After Høie’s speech, Pierre Lafolie, NTA’s project leader took the stage and presented the background of NTA, its original targets, the features of the NTA website, and the main achievements from the last three years.
“By conducting pan-Nordic studies it will be easier to determine the effects of new pharmaceuticals and treatments on patients and patients will have access to new effective treatments earlier. I hope that NTA have contributed to creating better awareness about this and strengthened the Nordic cooperation in clinical research and research infrastructures, Lafolie stated.
Before lunch, Mika Scheinin (Nordic Research Ethical Procedures), Annette Jørgensen (Nordic Monitoring Network), Pirkko Leopola (Nordic Pediatrics Network) and Christian Gluud (Nordic clinical research transparency and registration), all gave interesting insight into the NTA implementation projects. Download their presentations below.
The latter part of the day was divided into two parts. Professor Steinar Aamdal from Oslo University Hospital moderated the first part, which covered national country reports from the Nordic countries and talks from the Regional Managing Director Northern Europe of TFS, Jan Hellqvist and Legal Adviser, Marjut Salokannel.
Mr Hellqvist gave a talk from the industry’s point of view, titled “A CRO perspective on what would attract more Clinical Trials to the Nordic Region”. He advised the Nordic countries to act as one strong area and with one ethical application for the whole region. Hellqvist also mentioned that as the Nordic region is highly competitive in terms of cost and quality of clinical studies, it should take note from lessons learned in Poland and Denmark on infrastructure and change management, in addition to focus on early and late phase clinical research.
Ms Salokannel presented her talk on “Common Nordic Legal Framework for Future Research”. She stressed that a way forward for Nordic cooperation in the area included secondary use of clinical trial data for research and product development, and common ethical parameters for the scope of consent relating to processing health related data for scientific research. She also added that common legislation to organisational and technological safeguards for processing sensitive personal data for scientific research purposes was of great significance.
The stakeholder meeting ended with a panel discussion moderated by NTA’s Project Leader, Pierre Lafolie. The panel consisted of Jacob Hølen, Director of The National Committee for Medical and Health Research Ethics (NEM), Bjørn Eiriksten, CEO of Oslo University Hospital, Mia Bengtström, Senior Adviser at the Pharmaceutical Association in Finland, Jørgen Frøkiær, Chairman of the Danish Council for Independent Research | Medical Sciences and Ole Alexander Opdalshei, Deputy Secretary General of The Norwegian Cancer Society.
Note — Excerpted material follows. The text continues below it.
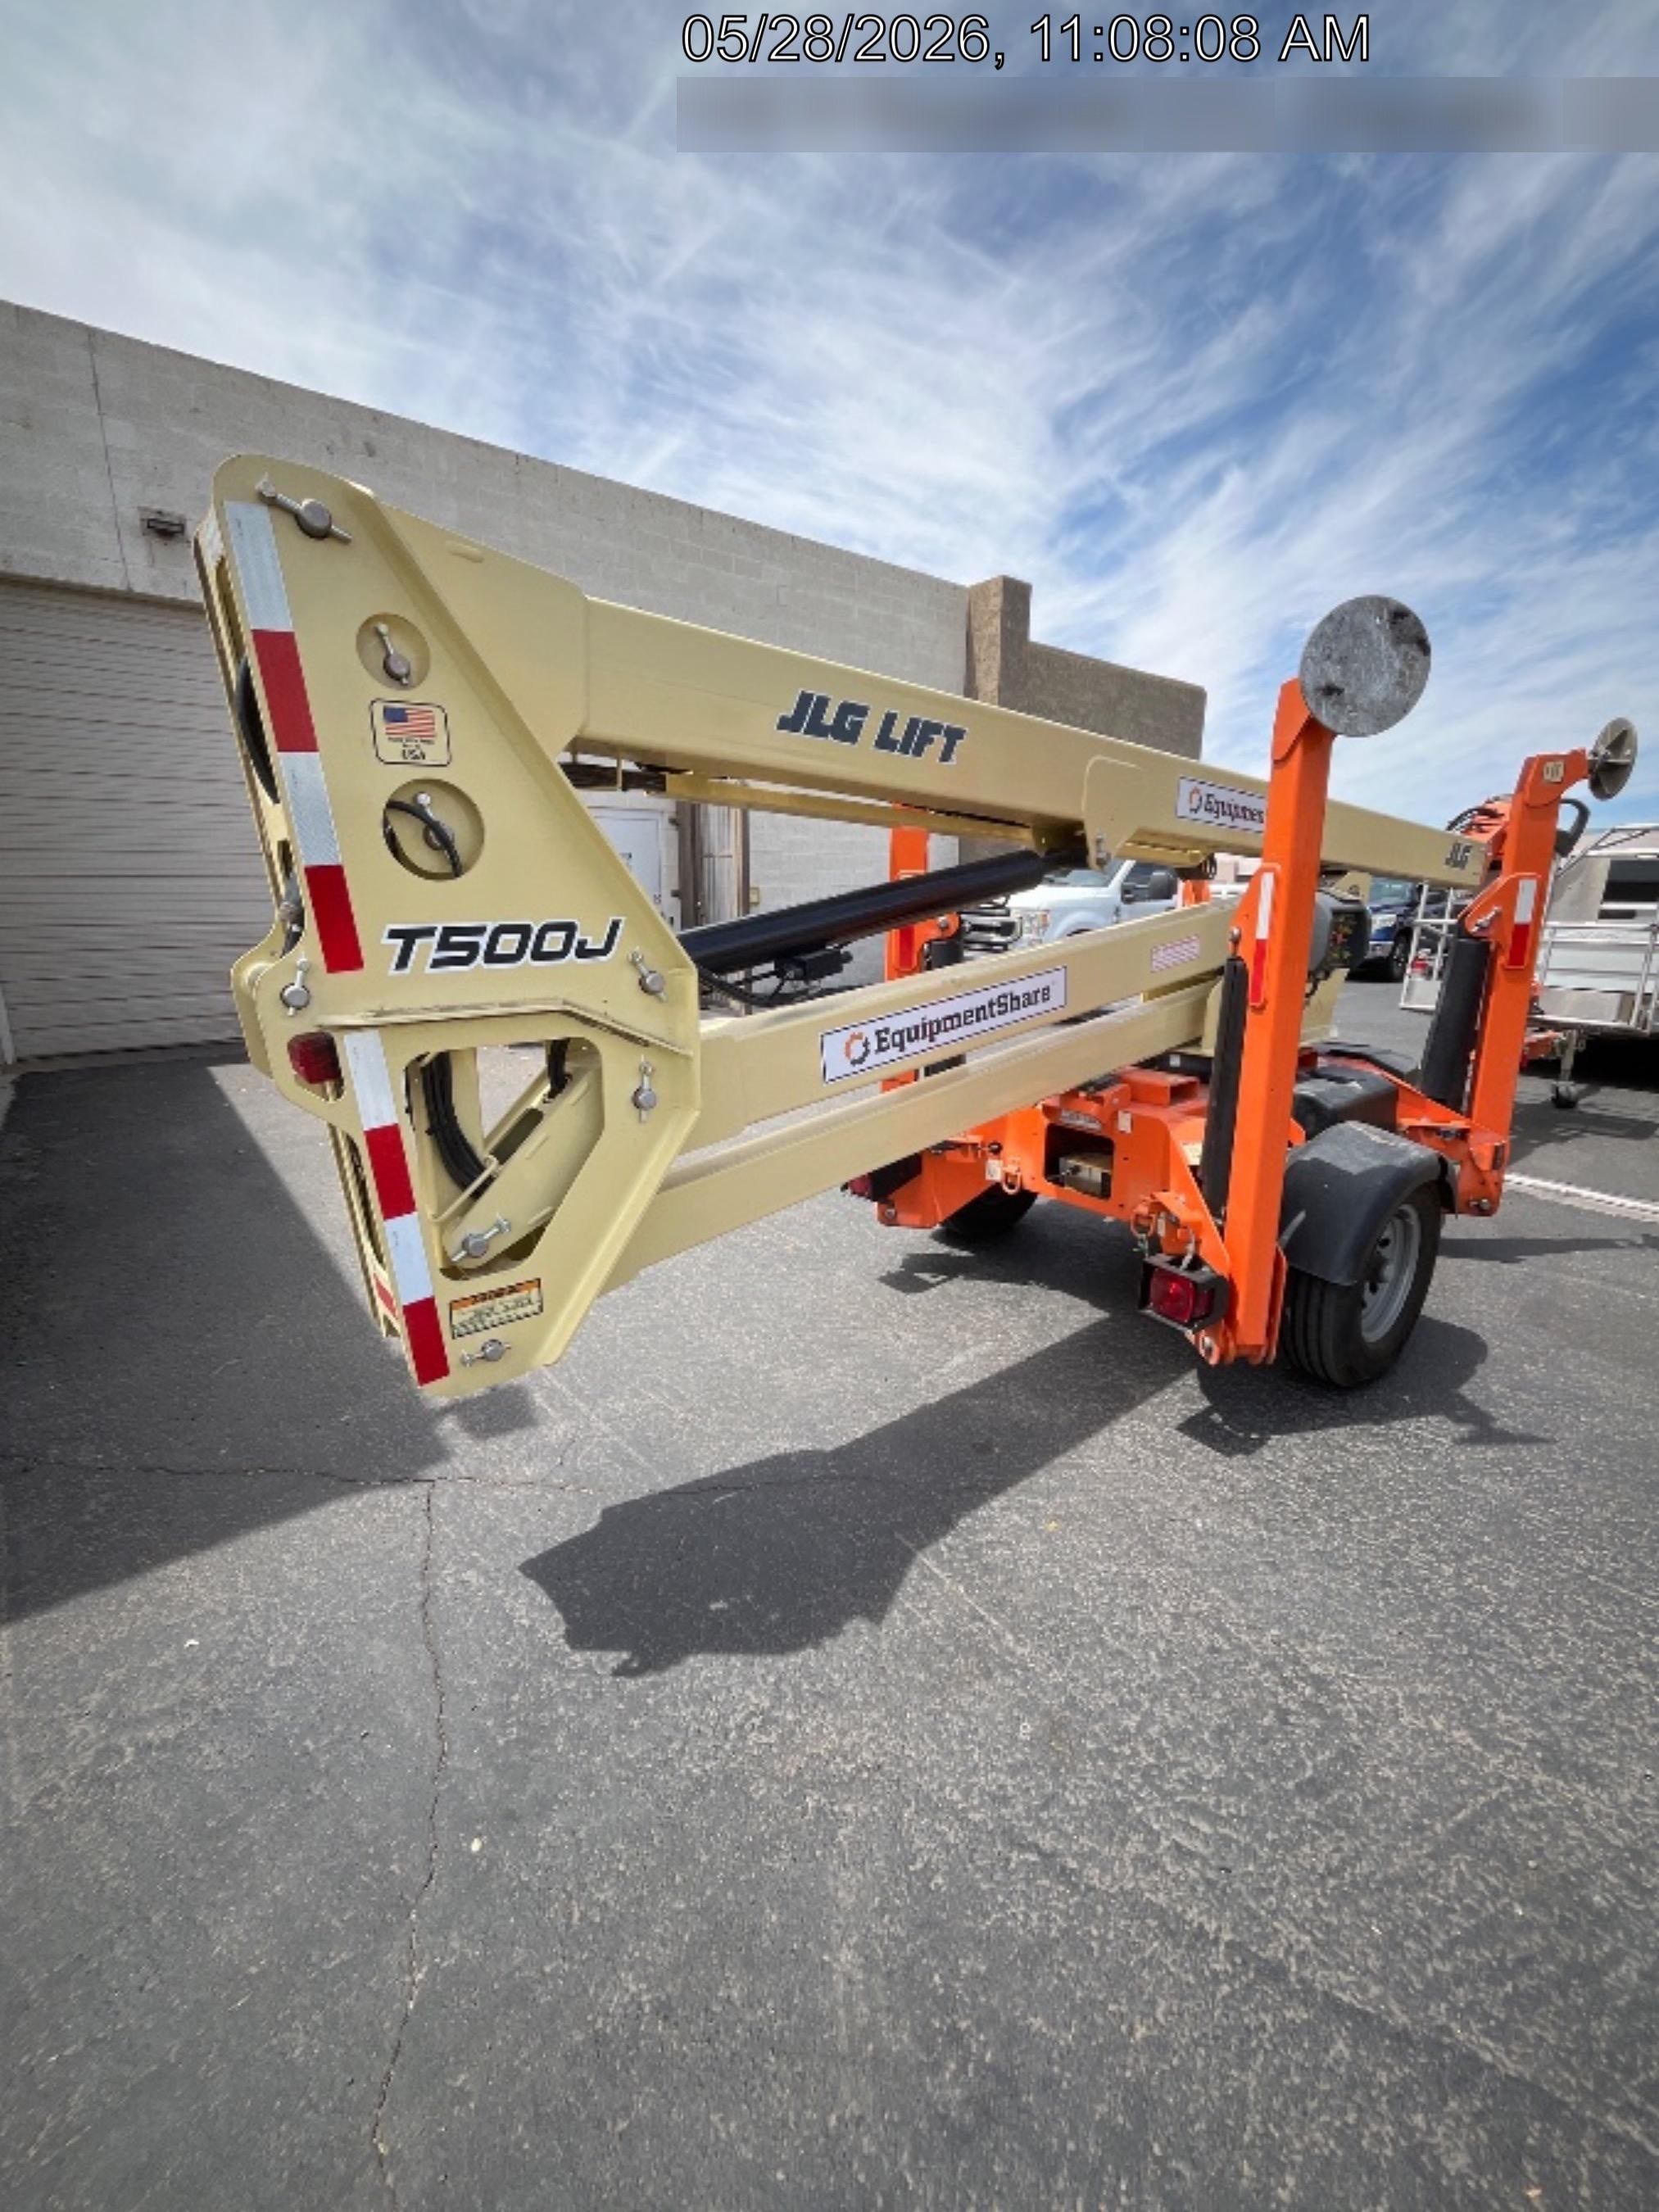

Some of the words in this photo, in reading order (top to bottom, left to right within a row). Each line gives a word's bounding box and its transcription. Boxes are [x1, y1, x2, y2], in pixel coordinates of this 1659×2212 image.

[777, 689, 870, 746] JLG
[873, 710, 968, 764] LIFT
[383, 917, 625, 974] T500J
[874, 984, 1051, 1053] EquipmentShare
One major discovery during the NTA project was that it is possible to start the process for a common Nordic research area by individual countries accepting the research ethical reviews of other Nordic countries. With such a stepping stone further development is possible.
“New thinking is necessary and establishing a joint ethical committee may be one way to open for cooperation in different research fields”, stated Jacob Hølen on the matter.